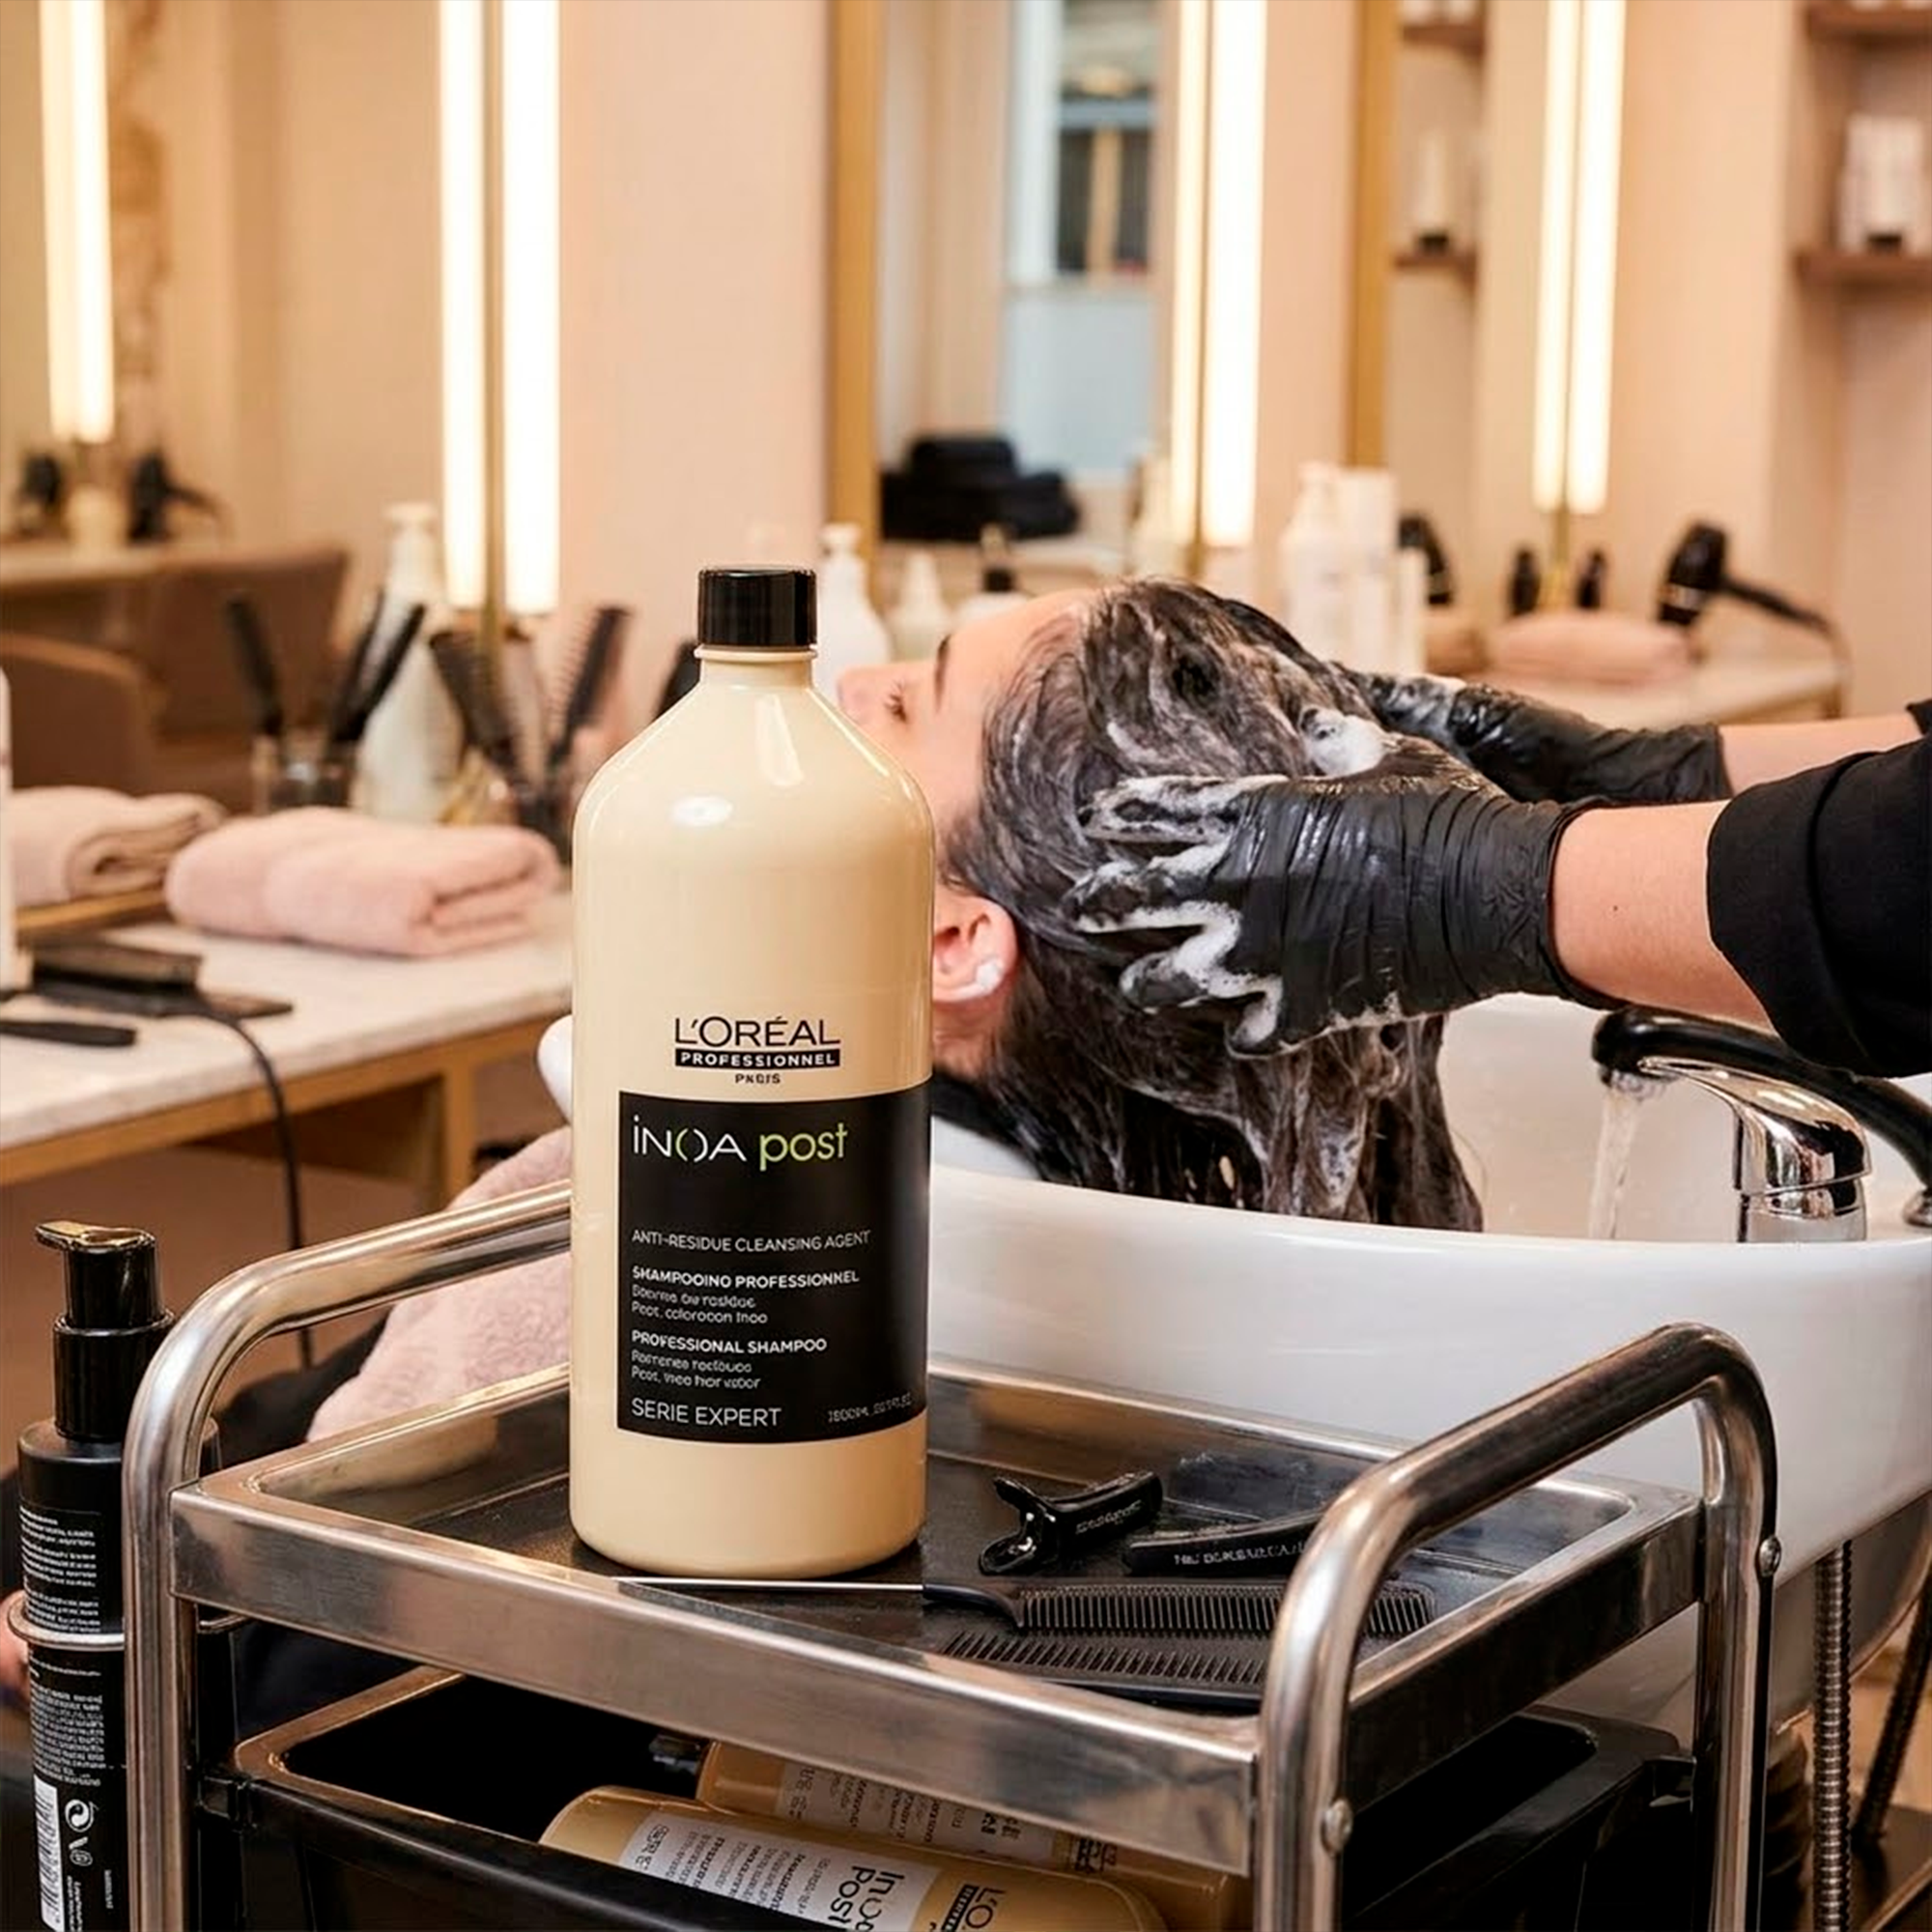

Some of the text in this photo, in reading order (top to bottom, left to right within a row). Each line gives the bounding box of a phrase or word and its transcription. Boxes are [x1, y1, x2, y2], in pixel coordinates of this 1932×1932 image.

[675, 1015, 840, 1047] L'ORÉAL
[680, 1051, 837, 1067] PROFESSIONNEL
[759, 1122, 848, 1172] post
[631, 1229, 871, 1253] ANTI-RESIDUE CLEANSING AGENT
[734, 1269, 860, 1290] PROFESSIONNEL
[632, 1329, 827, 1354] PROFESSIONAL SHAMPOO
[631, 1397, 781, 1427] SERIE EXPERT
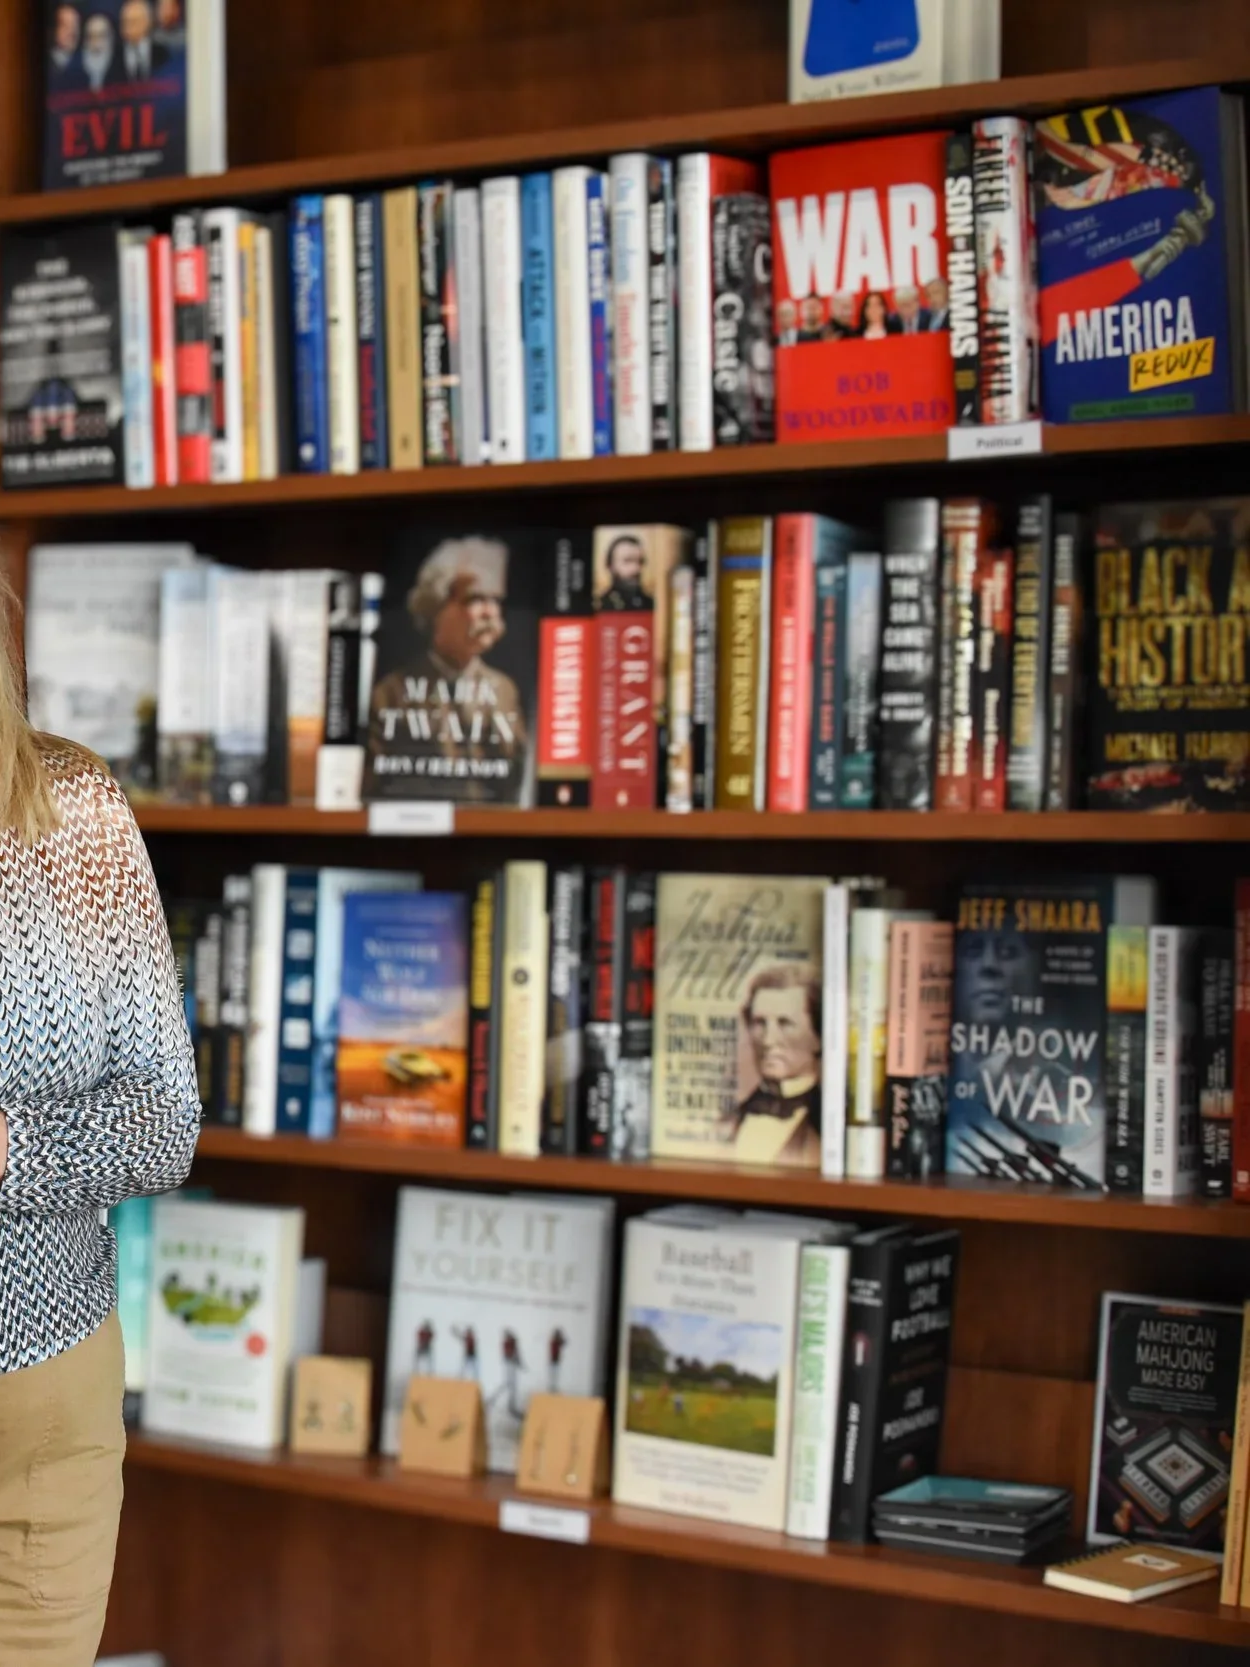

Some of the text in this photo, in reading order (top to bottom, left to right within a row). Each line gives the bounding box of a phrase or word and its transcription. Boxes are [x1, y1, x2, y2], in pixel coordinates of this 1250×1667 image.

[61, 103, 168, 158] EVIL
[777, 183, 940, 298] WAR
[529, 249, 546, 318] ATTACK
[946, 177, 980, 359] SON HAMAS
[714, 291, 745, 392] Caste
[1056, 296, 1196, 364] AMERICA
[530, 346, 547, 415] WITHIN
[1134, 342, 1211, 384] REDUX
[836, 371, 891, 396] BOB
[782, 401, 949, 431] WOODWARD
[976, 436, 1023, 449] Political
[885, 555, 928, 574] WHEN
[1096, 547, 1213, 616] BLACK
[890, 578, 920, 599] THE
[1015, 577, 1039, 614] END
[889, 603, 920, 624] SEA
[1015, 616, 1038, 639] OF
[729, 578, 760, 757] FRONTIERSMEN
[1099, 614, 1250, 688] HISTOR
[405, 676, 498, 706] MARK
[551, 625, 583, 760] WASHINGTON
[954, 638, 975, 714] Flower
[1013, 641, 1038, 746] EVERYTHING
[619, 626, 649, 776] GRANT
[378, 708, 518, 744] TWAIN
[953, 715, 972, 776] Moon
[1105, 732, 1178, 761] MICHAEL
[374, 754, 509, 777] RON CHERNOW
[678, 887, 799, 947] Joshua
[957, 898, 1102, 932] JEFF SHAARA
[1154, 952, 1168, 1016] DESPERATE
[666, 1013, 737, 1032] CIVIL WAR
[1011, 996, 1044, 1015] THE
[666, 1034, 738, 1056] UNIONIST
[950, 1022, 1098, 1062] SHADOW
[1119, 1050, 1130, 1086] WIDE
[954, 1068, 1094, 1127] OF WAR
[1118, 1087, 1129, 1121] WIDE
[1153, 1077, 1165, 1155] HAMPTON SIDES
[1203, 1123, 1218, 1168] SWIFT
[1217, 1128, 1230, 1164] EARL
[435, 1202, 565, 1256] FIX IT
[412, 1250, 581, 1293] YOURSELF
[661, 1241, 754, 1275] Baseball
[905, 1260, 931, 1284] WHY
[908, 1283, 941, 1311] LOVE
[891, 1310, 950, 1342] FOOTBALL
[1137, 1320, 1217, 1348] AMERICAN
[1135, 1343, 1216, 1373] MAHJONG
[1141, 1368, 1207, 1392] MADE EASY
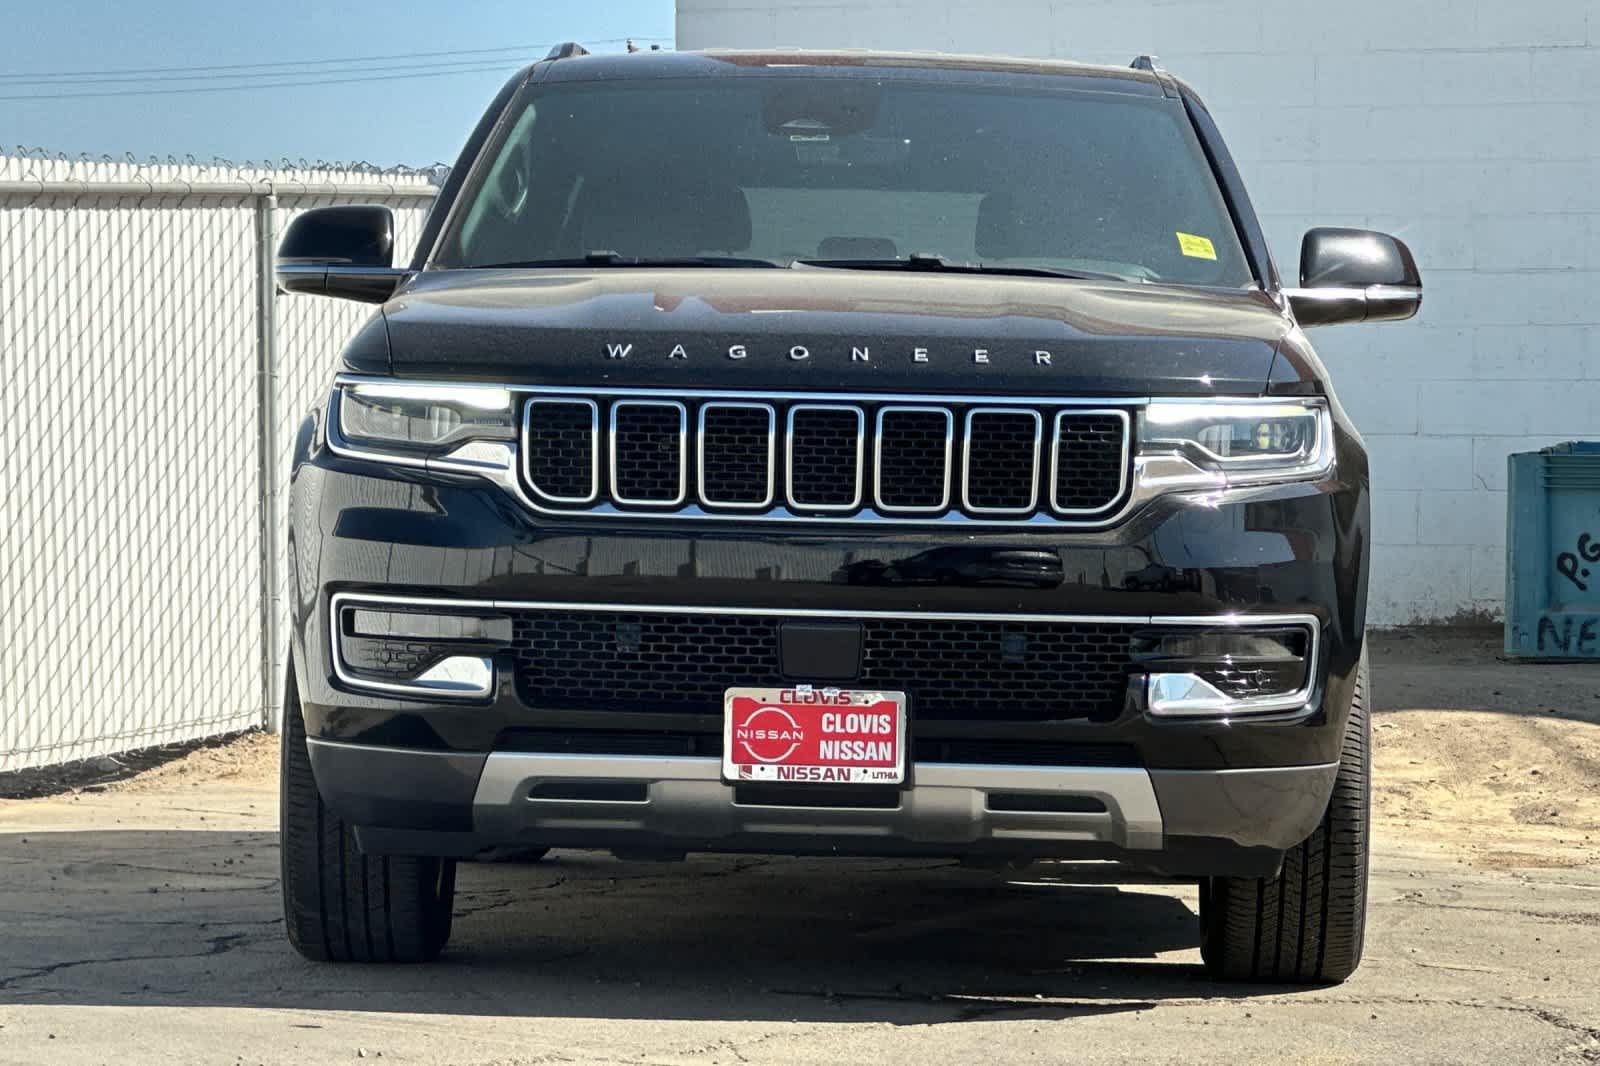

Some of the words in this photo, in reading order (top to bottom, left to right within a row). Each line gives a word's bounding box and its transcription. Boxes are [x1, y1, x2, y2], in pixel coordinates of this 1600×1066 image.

####

Omitting all pictures, reproduce the records above in their entirety.

▸ **EXERCISE RESULT**:
Some of the text in this photo, in reading order (top to bottom, left to right within a row). Each line gives the bounding box of a phrase or word and its transcription. Boxes are [x1, y1, x2, y2], in pixel coordinates of this 1932×1932 image.

[675, 1015, 840, 1047] L'ORÉAL
[680, 1051, 837, 1067] PROFESSIONNEL
[759, 1122, 848, 1172] post
[631, 1229, 871, 1253] ANTI-RESIDUE CLEANSING AGENT
[734, 1269, 860, 1290] PROFESSIONNEL
[632, 1329, 827, 1354] PROFESSIONAL SHAMPOO
[631, 1397, 781, 1427] SERIE EXPERT

Some of the text in this photo, in reading order (top to bottom, left to right within a row). Each line gives the bounding box of a phrase or word and its transcription. Boxes are [x1, y1, x2, y2], in pixel coordinates of this 1250×1667 image.

[61, 103, 168, 158] EVIL
[777, 183, 940, 298] WAR
[529, 249, 546, 318] ATTACK
[946, 177, 980, 359] SON HAMAS
[714, 291, 745, 392] Caste
[1056, 296, 1196, 364] AMERICA
[530, 346, 547, 415] WITHIN
[1134, 342, 1211, 384] REDUX
[836, 371, 891, 396] BOB
[782, 401, 949, 431] WOODWARD
[976, 436, 1023, 449] Political
[885, 555, 928, 574] WHEN
[1096, 547, 1213, 616] BLACK
[890, 578, 920, 599] THE
[1015, 577, 1039, 614] END
[889, 603, 920, 624] SEA
[1015, 616, 1038, 639] OF
[729, 578, 760, 757] FRONTIERSMEN
[1099, 614, 1250, 688] HISTOR
[405, 676, 498, 706] MARK
[551, 625, 583, 760] WASHINGTON
[954, 638, 975, 714] Flower
[1013, 641, 1038, 746] EVERYTHING
[619, 626, 649, 776] GRANT
[378, 708, 518, 744] TWAIN
[953, 715, 972, 776] Moon
[1105, 732, 1178, 761] MICHAEL
[374, 754, 509, 777] RON CHERNOW
[678, 887, 799, 947] Joshua
[957, 898, 1102, 932] JEFF SHAARA
[1154, 952, 1168, 1016] DESPERATE
[666, 1013, 737, 1032] CIVIL WAR
[1011, 996, 1044, 1015] THE
[666, 1034, 738, 1056] UNIONIST
[950, 1022, 1098, 1062] SHADOW
[1119, 1050, 1130, 1086] WIDE
[954, 1068, 1094, 1127] OF WAR
[1118, 1087, 1129, 1121] WIDE
[1153, 1077, 1165, 1155] HAMPTON SIDES
[1203, 1123, 1218, 1168] SWIFT
[1217, 1128, 1230, 1164] EARL
[435, 1202, 565, 1256] FIX IT
[412, 1250, 581, 1293] YOURSELF
[661, 1241, 754, 1275] Baseball
[905, 1260, 931, 1284] WHY
[908, 1283, 941, 1311] LOVE
[891, 1310, 950, 1342] FOOTBALL
[1137, 1320, 1217, 1348] AMERICAN
[1135, 1343, 1216, 1373] MAHJONG
[1141, 1368, 1207, 1392] MADE EASY

Some of the words in this photo, in reading order (top to bottom, left to right within a row). Each line gives a word's bounding box and its transcription. Boxes are [x1, y1, x2, y2], in pixel coordinates of this 1600×1066 image.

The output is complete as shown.